The cause of Christ consumed pious young people of Ferdinand’s generation. Two members of his own family would go abroad as missionaries: his distant cousin Alonzo Chapin, who sailed for the Sandwich Islands in November 1831, and his niece Maria Ward Chapin Smith, who would accompany her husband, Rev. Eli Smith, to Syria sometime later. Ferdinand was eager to join them. “No one was dependent upon me for a livelihood,” he recalled. “I had a good constitution. I had a full if not an exceptional aptitude to acquire a foreign language.” Above all, he wrote, he was “called loudly to go abroad.”21
But when he told his parents what he had in mind they were horrified. His mother could not bear to have her youngest boy vanish overseas. His father was adamant against his going: Ferdinand’s constitution was far too fragile for the foreign field. He was extremely nearsighted, anxious, still subject to migraines, and too easily agitated when things did not go his way. His father told him he could do just as much good close to home as he could abroad, and that he was far too young to make so momentous a decision.

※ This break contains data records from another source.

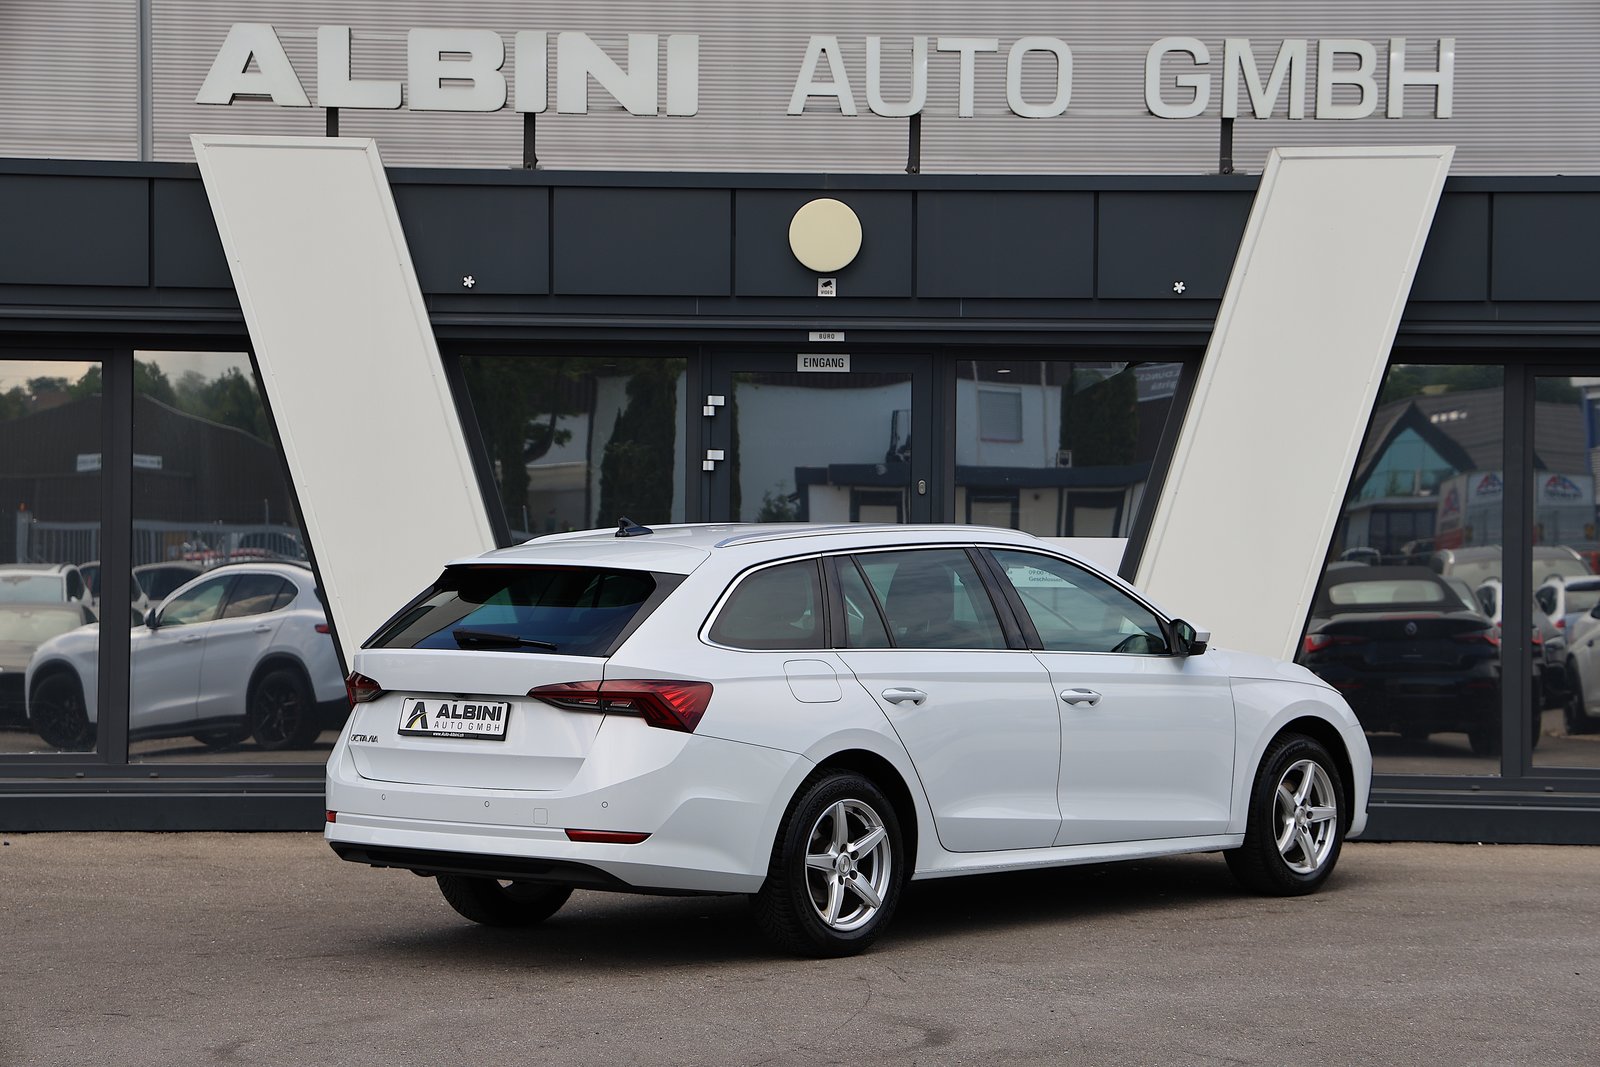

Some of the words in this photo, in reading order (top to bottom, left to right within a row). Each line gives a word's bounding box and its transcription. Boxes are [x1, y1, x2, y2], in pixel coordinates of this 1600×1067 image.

[194, 23, 699, 117] ALBINI
[787, 36, 1073, 118] AUTO
[1144, 36, 1455, 119] GMBH
[803, 357, 844, 368] EINGANG
[435, 703, 503, 721] ALBINI
[433, 720, 463, 731] AUTO
[468, 722, 501, 732] GMBH
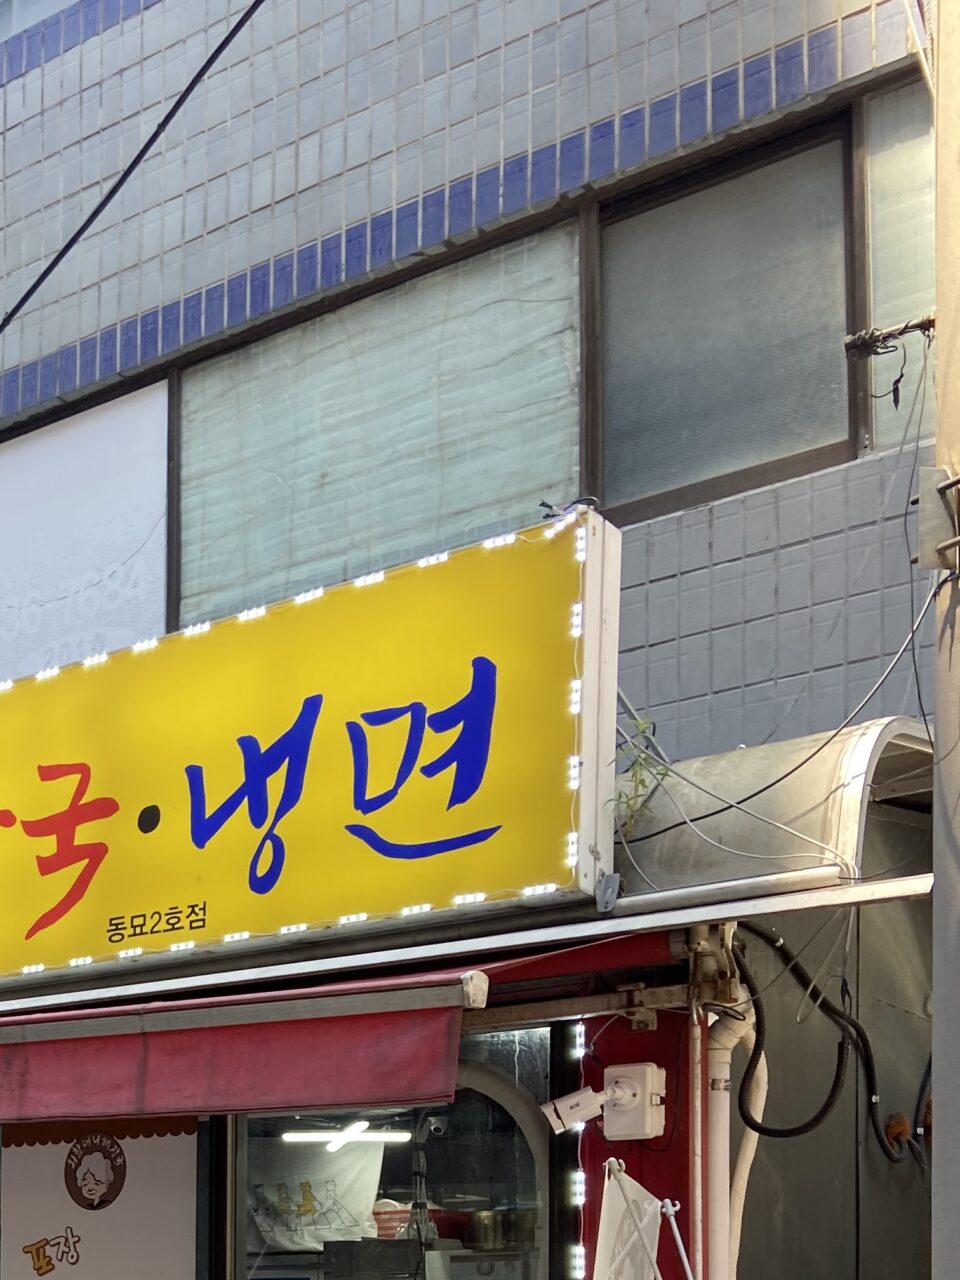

And so, Ferdinand went off to Princeton in June 1832, knowing that his father and mother were displeased with his plans. “It required a struggle of no ordinary intensity” to leave home this time, he told his sister, and “an agony of struggle at the throne of Grace to make my will bow to the decision of my conscience, a joy mingled with tears.”22
At nineteen, he was the youngest member of his seminary class of ninety-four, severely homesick and initially disheartened by the seminary’s Spartan ways: “Breakfast & Supper same, i.e. bread, molasses, cup of water—no pie!”23 But he was also gratified that “the subject of missions is on every side and in every forum,”24 and especially pleased when one of his teachers told the class, “We should not object to your all going [abroad]. Let the home churches look after themselves. It will do them good.”g
A cloud of fear hung over the entire eastern United States that spring, the likelihood that the cholera pandemic ravaging the Old World was about to descend upon the New. It had begun in Bengal in 1817, reached China by 1820, Moscow in 1830, western Europe the following year. It killed at an appalling rate: fifty-five thousand died in Great Britain, more than twice that number in France. Patients who seemed fine at breakfast were often dead by dinner. Sudden, agonizing cramps led to simultaneous violent diarrhea and vomiting that so dehydrated victims they literally shrank, turned blue, and often became unrecognizable even to family members sitting helpless at their bedsides. No one understood what caused it. Common treatments like camphor, laudanum, charcoal, bleeding, and a mercury compound called calomel either had no effect or made things worse.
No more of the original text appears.